:: Data extract

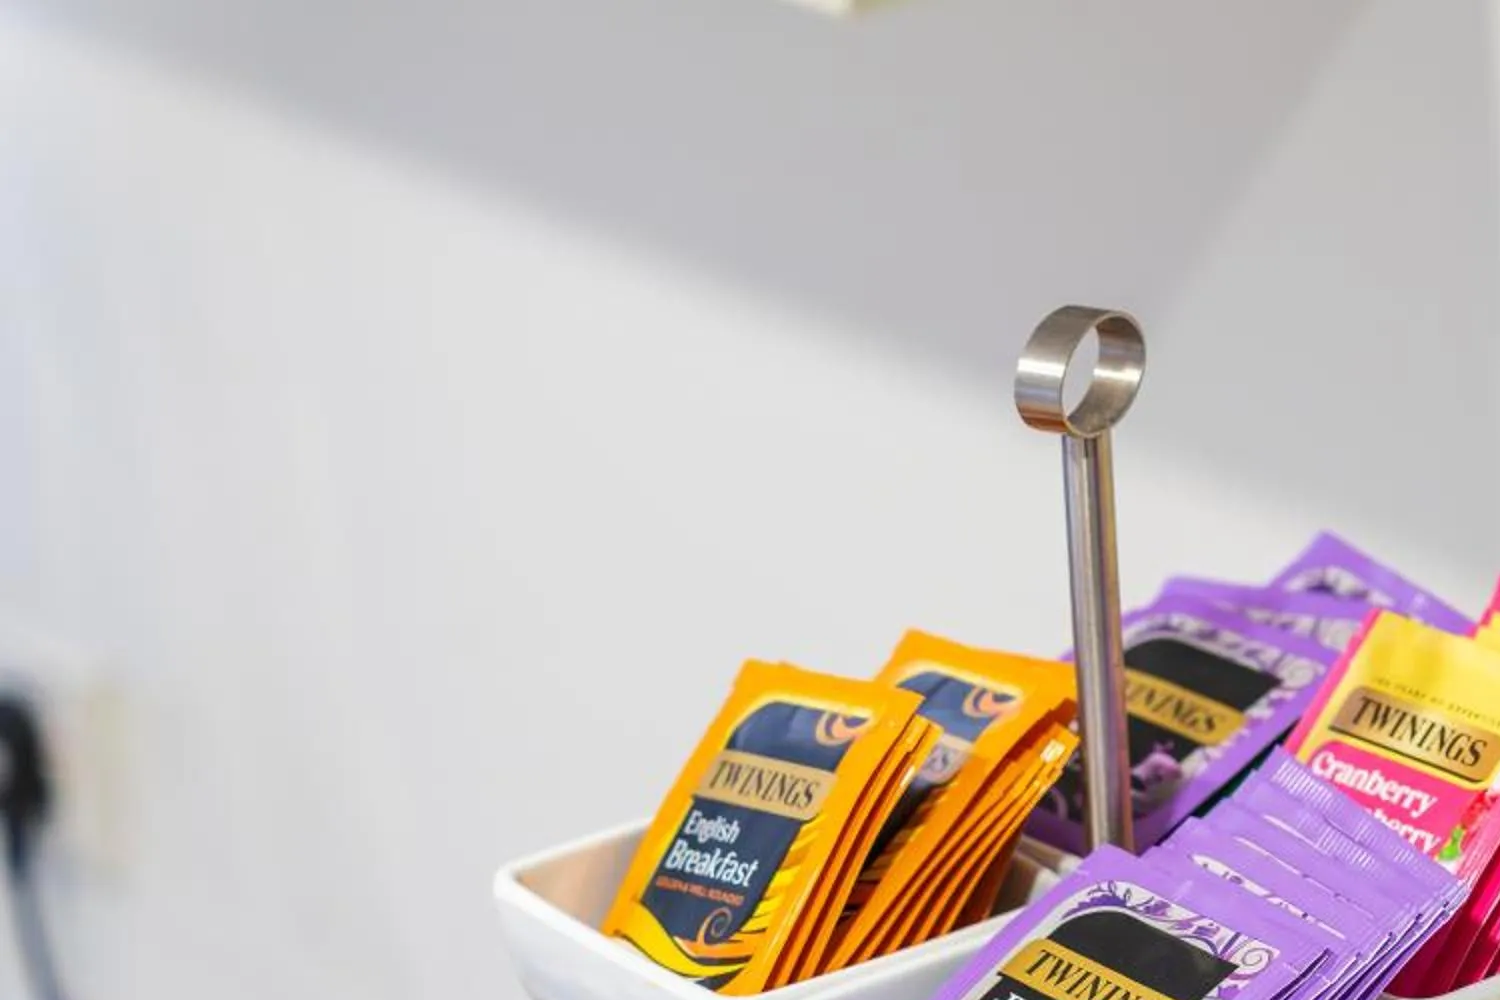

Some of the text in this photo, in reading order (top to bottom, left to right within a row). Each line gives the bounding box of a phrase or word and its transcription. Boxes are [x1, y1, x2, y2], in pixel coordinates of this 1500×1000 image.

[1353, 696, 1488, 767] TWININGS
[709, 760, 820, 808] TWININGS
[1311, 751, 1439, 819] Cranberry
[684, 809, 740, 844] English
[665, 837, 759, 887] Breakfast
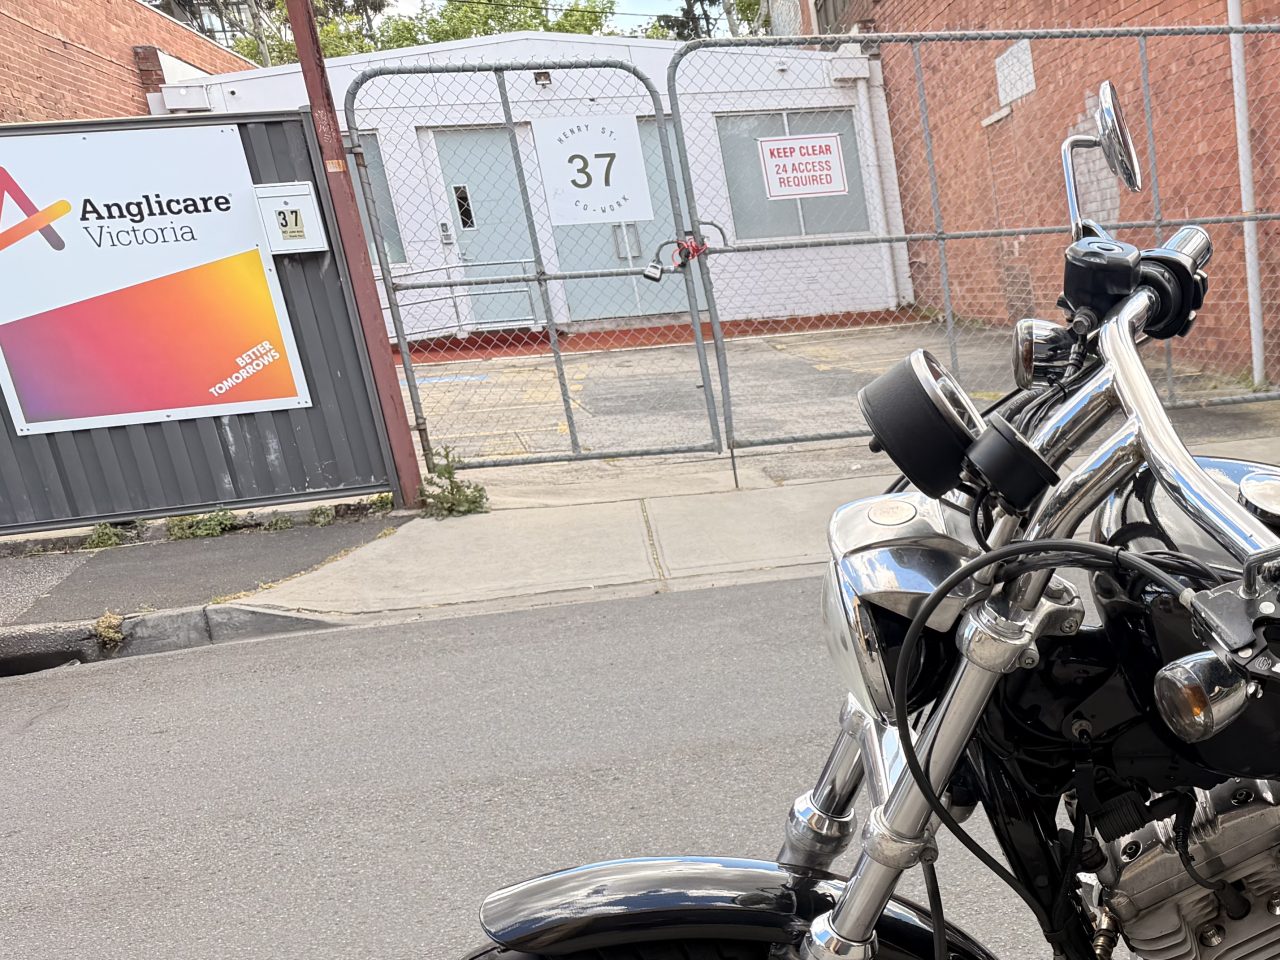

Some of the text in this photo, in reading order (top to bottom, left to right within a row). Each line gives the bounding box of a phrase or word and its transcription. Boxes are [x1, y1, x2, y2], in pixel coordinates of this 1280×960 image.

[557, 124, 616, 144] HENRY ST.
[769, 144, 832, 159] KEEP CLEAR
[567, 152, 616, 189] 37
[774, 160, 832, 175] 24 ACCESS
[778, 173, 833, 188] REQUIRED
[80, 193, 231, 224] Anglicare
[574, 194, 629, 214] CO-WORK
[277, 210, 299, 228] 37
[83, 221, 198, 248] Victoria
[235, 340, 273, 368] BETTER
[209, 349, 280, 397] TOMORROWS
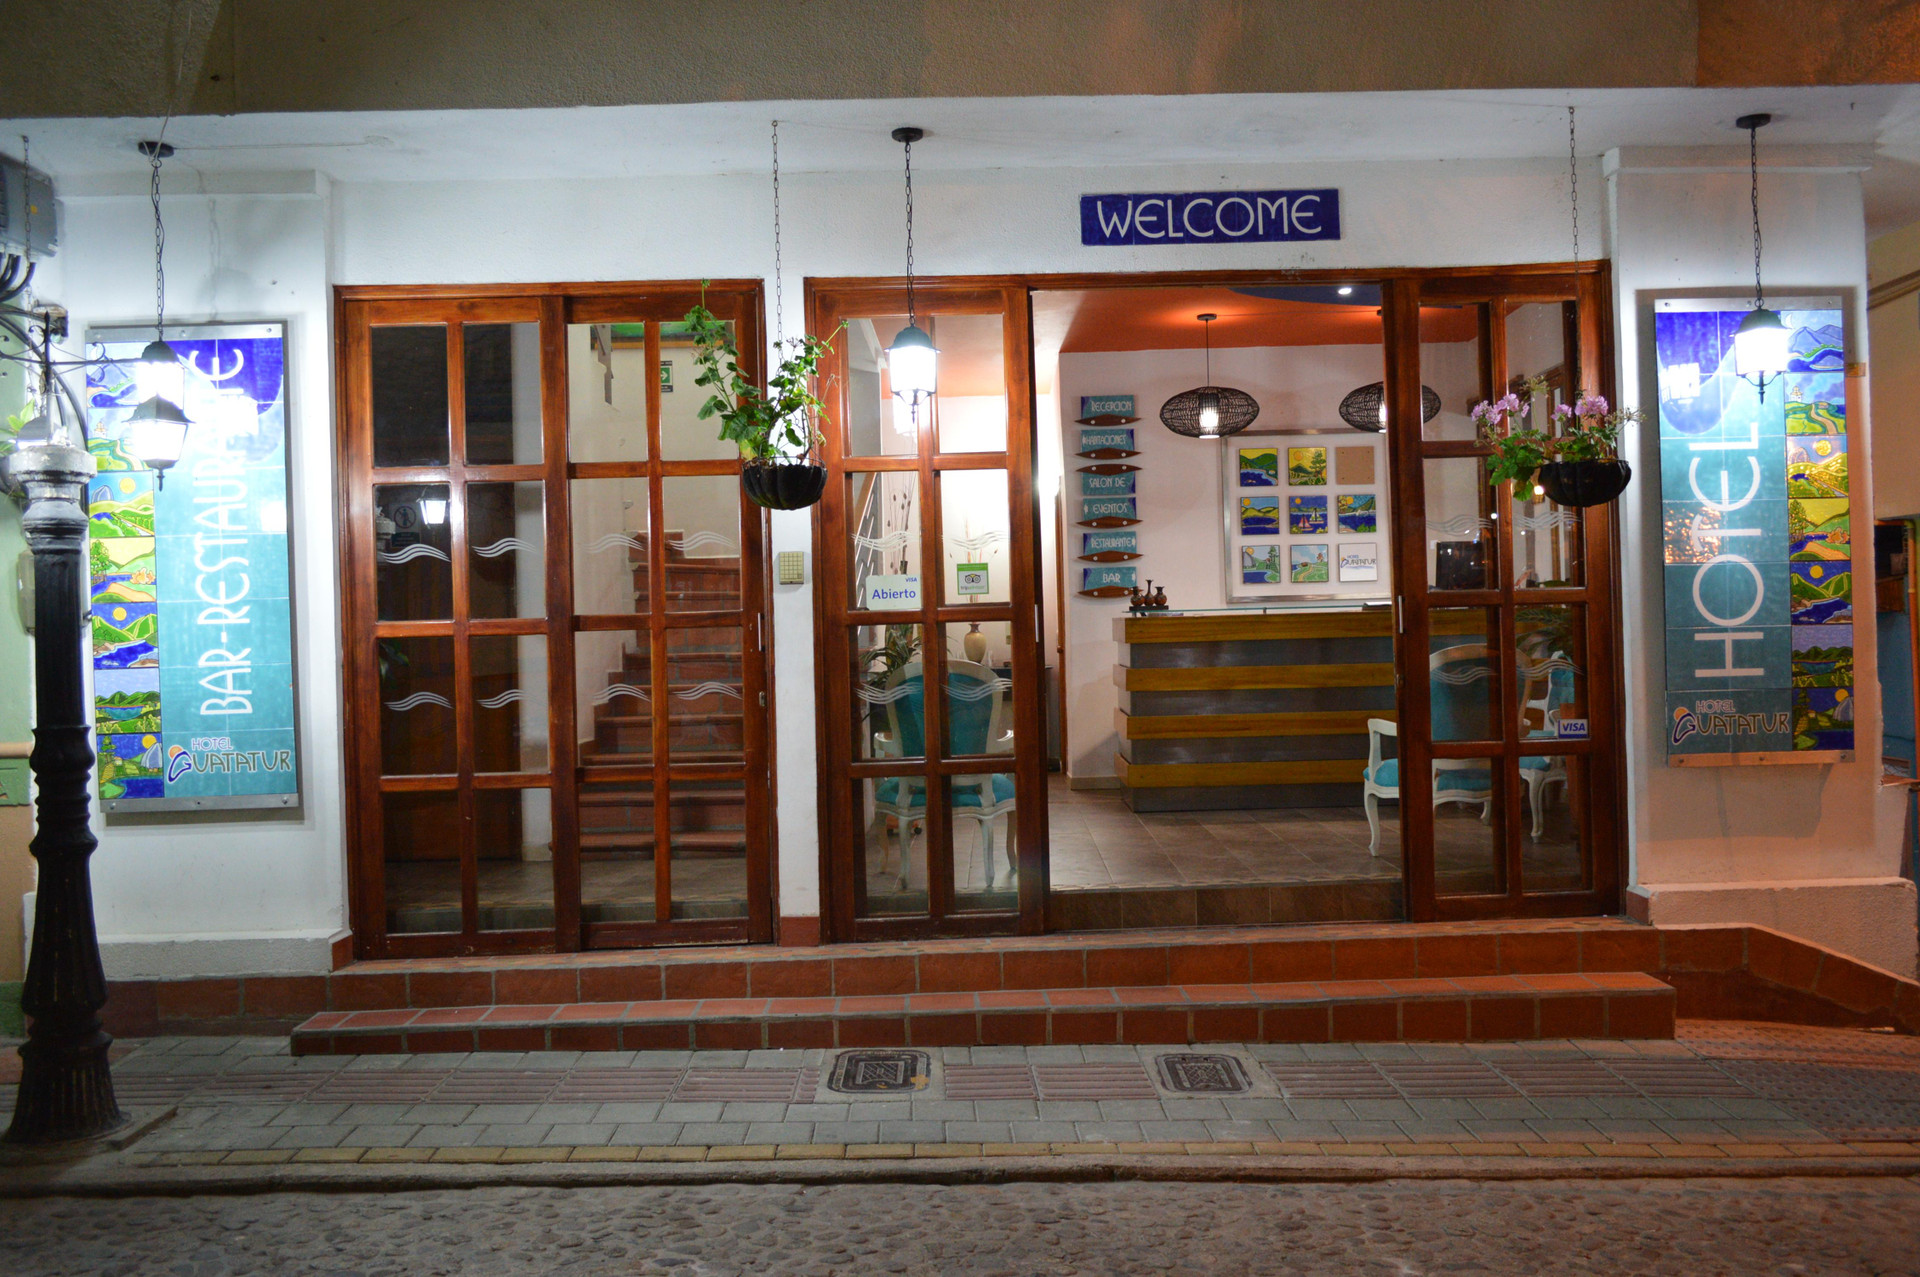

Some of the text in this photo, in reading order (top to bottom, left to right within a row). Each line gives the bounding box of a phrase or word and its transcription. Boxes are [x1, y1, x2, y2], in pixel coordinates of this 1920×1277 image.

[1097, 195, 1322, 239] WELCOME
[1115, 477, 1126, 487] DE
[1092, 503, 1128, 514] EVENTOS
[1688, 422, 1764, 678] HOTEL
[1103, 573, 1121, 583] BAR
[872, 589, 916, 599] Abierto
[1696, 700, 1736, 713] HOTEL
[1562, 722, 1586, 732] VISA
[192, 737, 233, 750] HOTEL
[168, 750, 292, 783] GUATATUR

::::

Task to carry out.
Pictures are not part of the copy; transcribe the rest of the data verbatim.

Output of the exercise.
Some of the text in this photo, in reading order (top to bottom, left to right within a row). Each line gives the bounding box of a phrase or word and its transcription. Boxes are [x1, y1, x2, y2], in pixel coordinates of this 1500×1000 image.

[1353, 696, 1488, 767] TWININGS
[709, 760, 820, 808] TWININGS
[1311, 751, 1439, 819] Cranberry
[684, 809, 740, 844] English
[665, 837, 759, 887] Breakfast

Some of the text in this photo, in reading order (top to bottom, left to right within a row). Each line gives the bounding box of a phrase or word and its transcription. Boxes are [x1, y1, x2, y2], in pixel coordinates of this 1280×960 image.

[557, 124, 616, 144] HENRY ST.
[769, 144, 832, 159] KEEP CLEAR
[567, 152, 616, 189] 37
[774, 160, 832, 175] 24 ACCESS
[778, 173, 833, 188] REQUIRED
[80, 193, 231, 224] Anglicare
[574, 194, 629, 214] CO-WORK
[277, 210, 299, 228] 37
[83, 221, 198, 248] Victoria
[235, 340, 273, 368] BETTER
[209, 349, 280, 397] TOMORROWS

Some of the text in this photo, in reading order (top to bottom, left to right within a row). Each line gives the bounding box of a phrase or word and its transcription. Boxes are [x1, y1, x2, y2], in pixel coordinates of this 1920×1277 image.

[1097, 195, 1322, 239] WELCOME
[1115, 477, 1126, 487] DE
[1092, 503, 1128, 514] EVENTOS
[1688, 422, 1764, 678] HOTEL
[1103, 573, 1121, 583] BAR
[872, 589, 916, 599] Abierto
[1696, 700, 1736, 713] HOTEL
[1562, 722, 1586, 732] VISA
[192, 737, 233, 750] HOTEL
[168, 750, 292, 783] GUATATUR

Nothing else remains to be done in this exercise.